- WHAT THE TASK REQUIRES
What is needed is an exact copy of the records below, without the pictures.

- Entries taken from a collection
::::

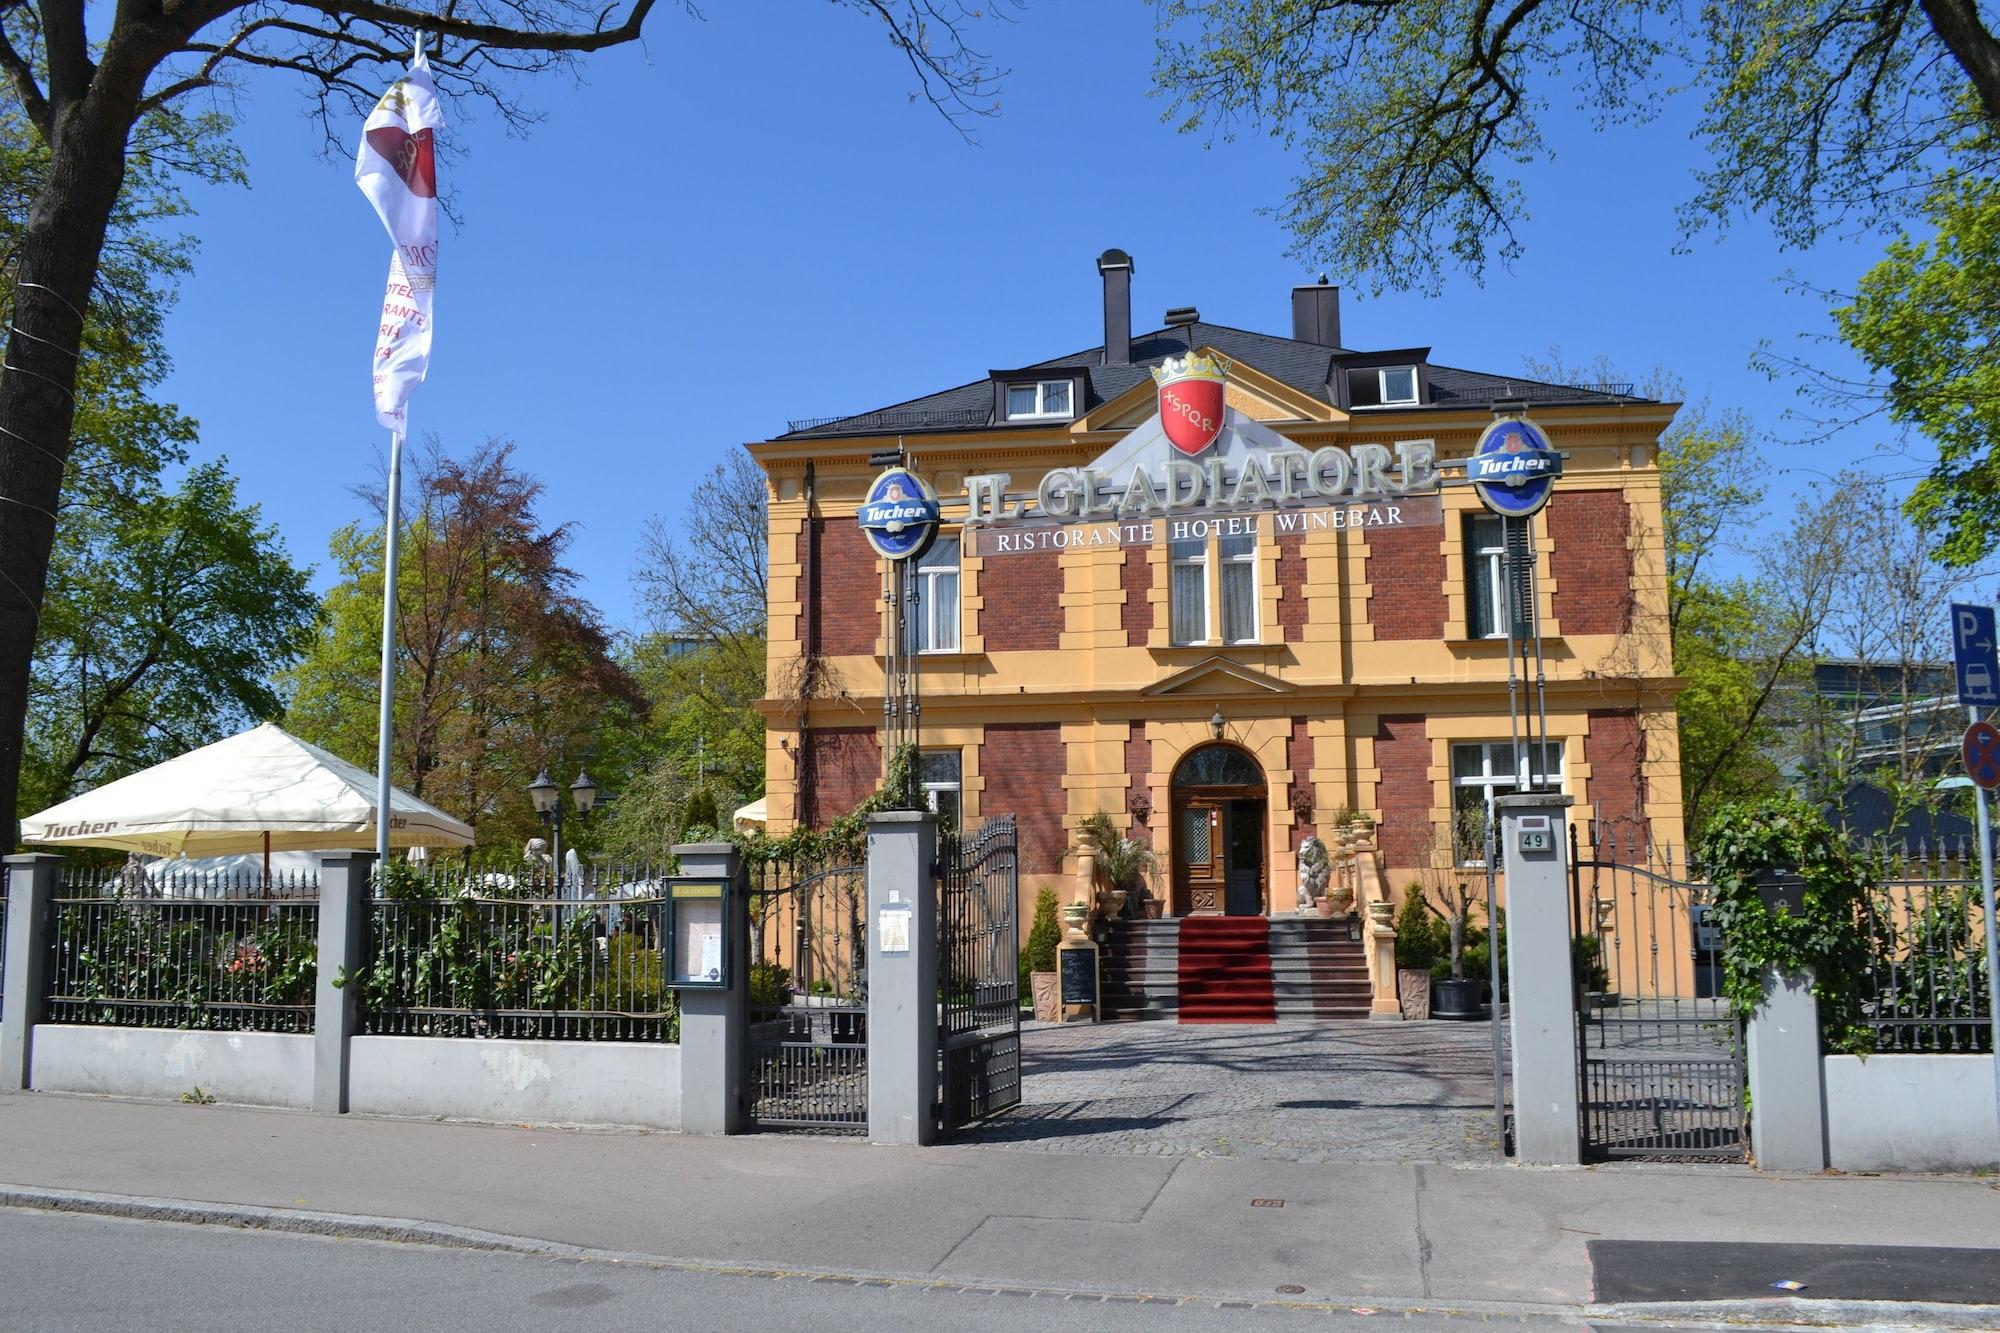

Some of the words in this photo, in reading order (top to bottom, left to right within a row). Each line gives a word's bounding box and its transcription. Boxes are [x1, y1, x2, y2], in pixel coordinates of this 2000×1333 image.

[1172, 397, 1215, 432] SPQR
[1479, 456, 1552, 475] Tucher
[964, 472, 1026, 525] IL
[1038, 438, 1441, 518] GLADIATORE
[867, 504, 927, 522] Tucher
[997, 523, 1155, 552] RISTORANTE
[1172, 516, 1259, 540] HOTEL
[1277, 506, 1405, 532] WINEBAR
[1958, 611, 1978, 650] P
[44, 820, 119, 839] Tucher
[390, 814, 407, 829] cher
[1524, 834, 1543, 847] 49
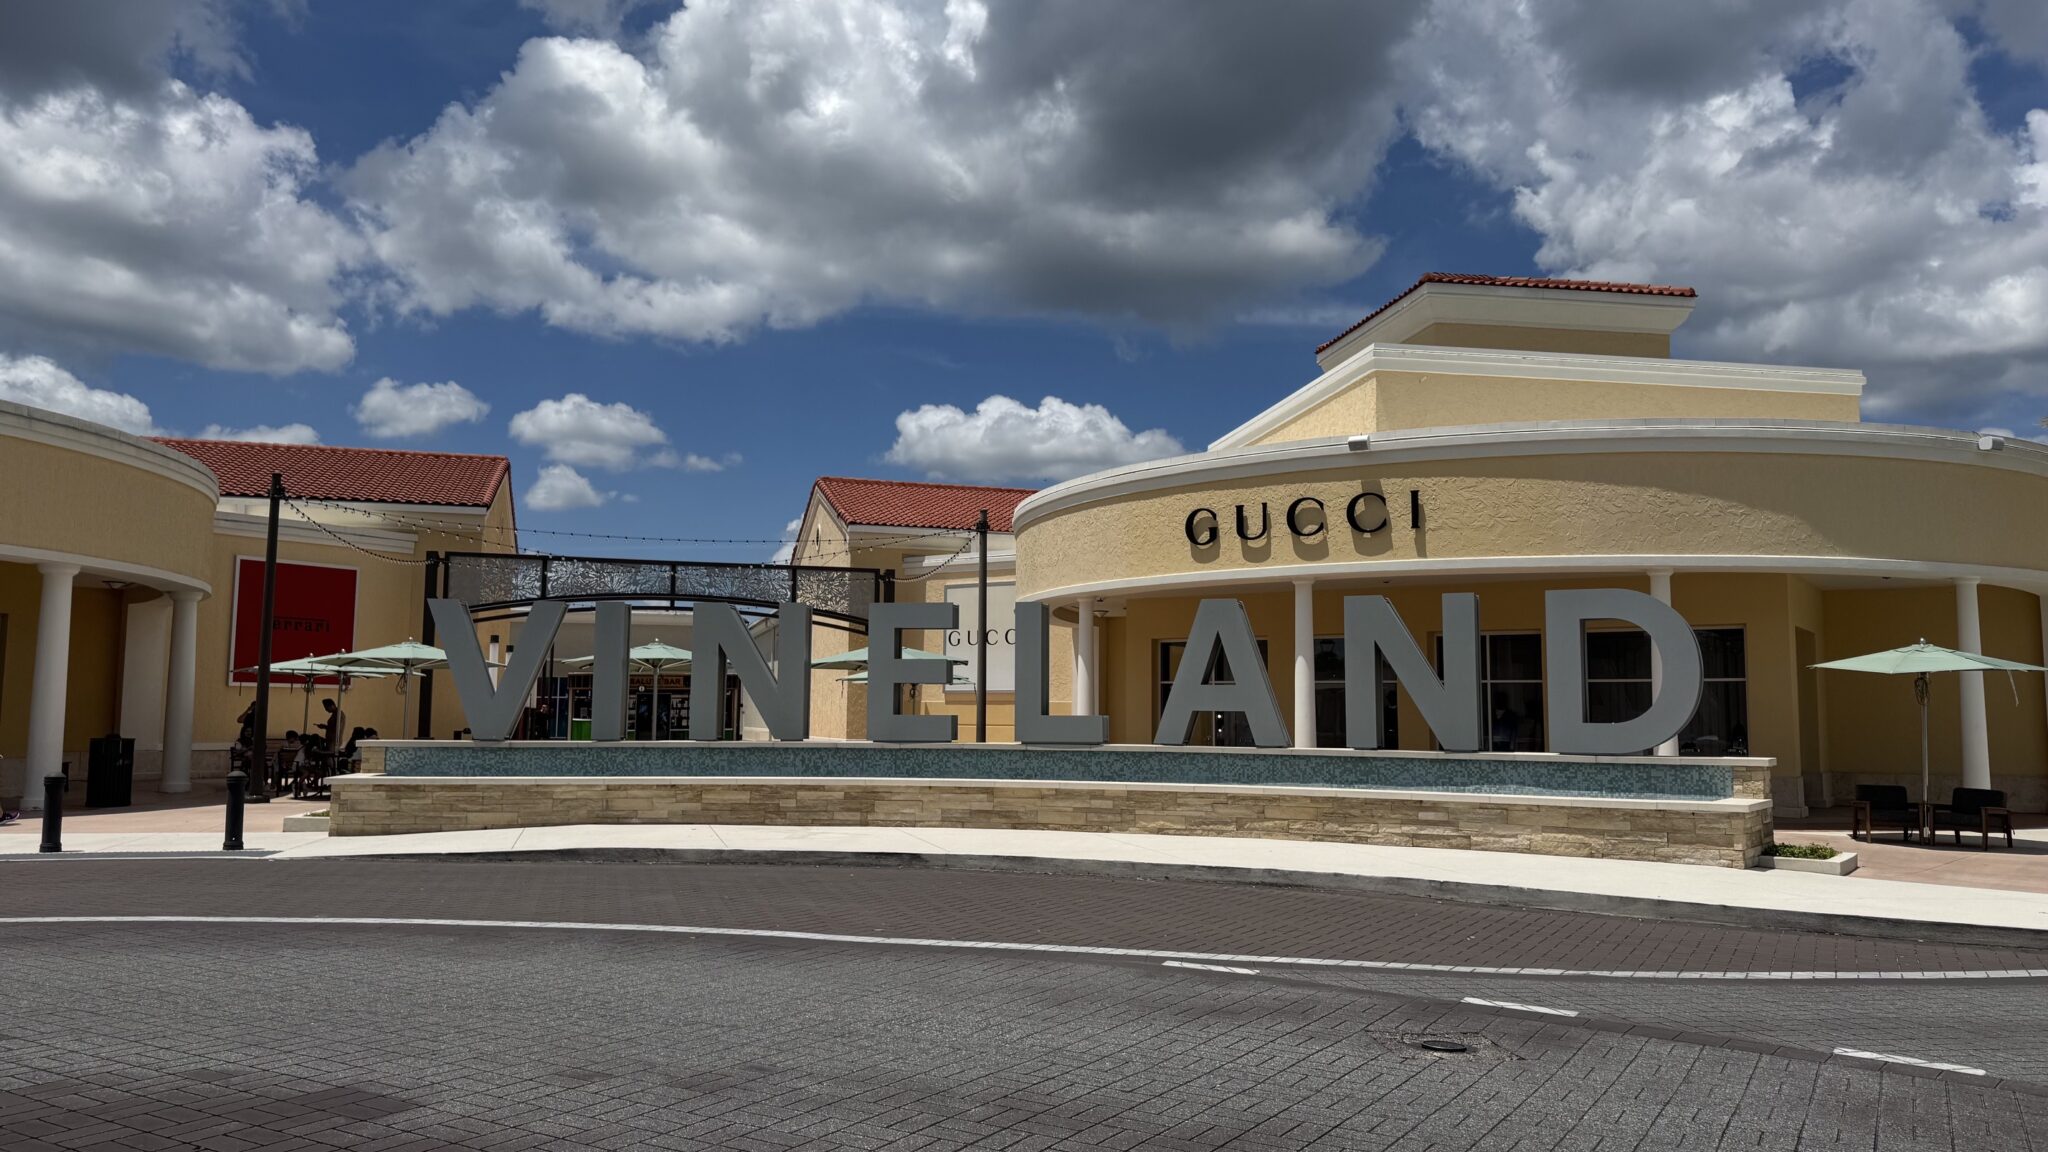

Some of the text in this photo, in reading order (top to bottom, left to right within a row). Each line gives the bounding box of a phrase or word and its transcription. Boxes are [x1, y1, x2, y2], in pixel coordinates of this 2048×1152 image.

[1185, 490, 1421, 546] GUCCI
[273, 616, 330, 632] errari
[948, 628, 1016, 646] GUCC
[428, 588, 1704, 754] VINELAND
[664, 677, 681, 685] BAR

::::

- RESULT OF THE EXERCISE
Some of the words in this photo, in reading order (top to bottom, left to right within a row). Each line gives a word's bounding box and its transcription. Boxes are [x1, y1, x2, y2], in pixel coordinates of this 2000×1333 image.

[1172, 397, 1215, 432] SPQR
[1479, 456, 1552, 475] Tucher
[964, 472, 1026, 525] IL
[1038, 438, 1441, 518] GLADIATORE
[867, 504, 927, 522] Tucher
[997, 523, 1155, 552] RISTORANTE
[1172, 516, 1259, 540] HOTEL
[1277, 506, 1405, 532] WINEBAR
[1958, 611, 1978, 650] P
[44, 820, 119, 839] Tucher
[390, 814, 407, 829] cher
[1524, 834, 1543, 847] 49

Some of the text in this photo, in reading order (top to bottom, left to right within a row). Each line gives the bounding box of a phrase or word and its transcription. Boxes are [x1, y1, x2, y2], in pixel coordinates of this 2048×1152 image.

[1185, 490, 1421, 546] GUCCI
[273, 616, 330, 632] errari
[948, 628, 1016, 646] GUCC
[428, 588, 1704, 754] VINELAND
[664, 677, 681, 685] BAR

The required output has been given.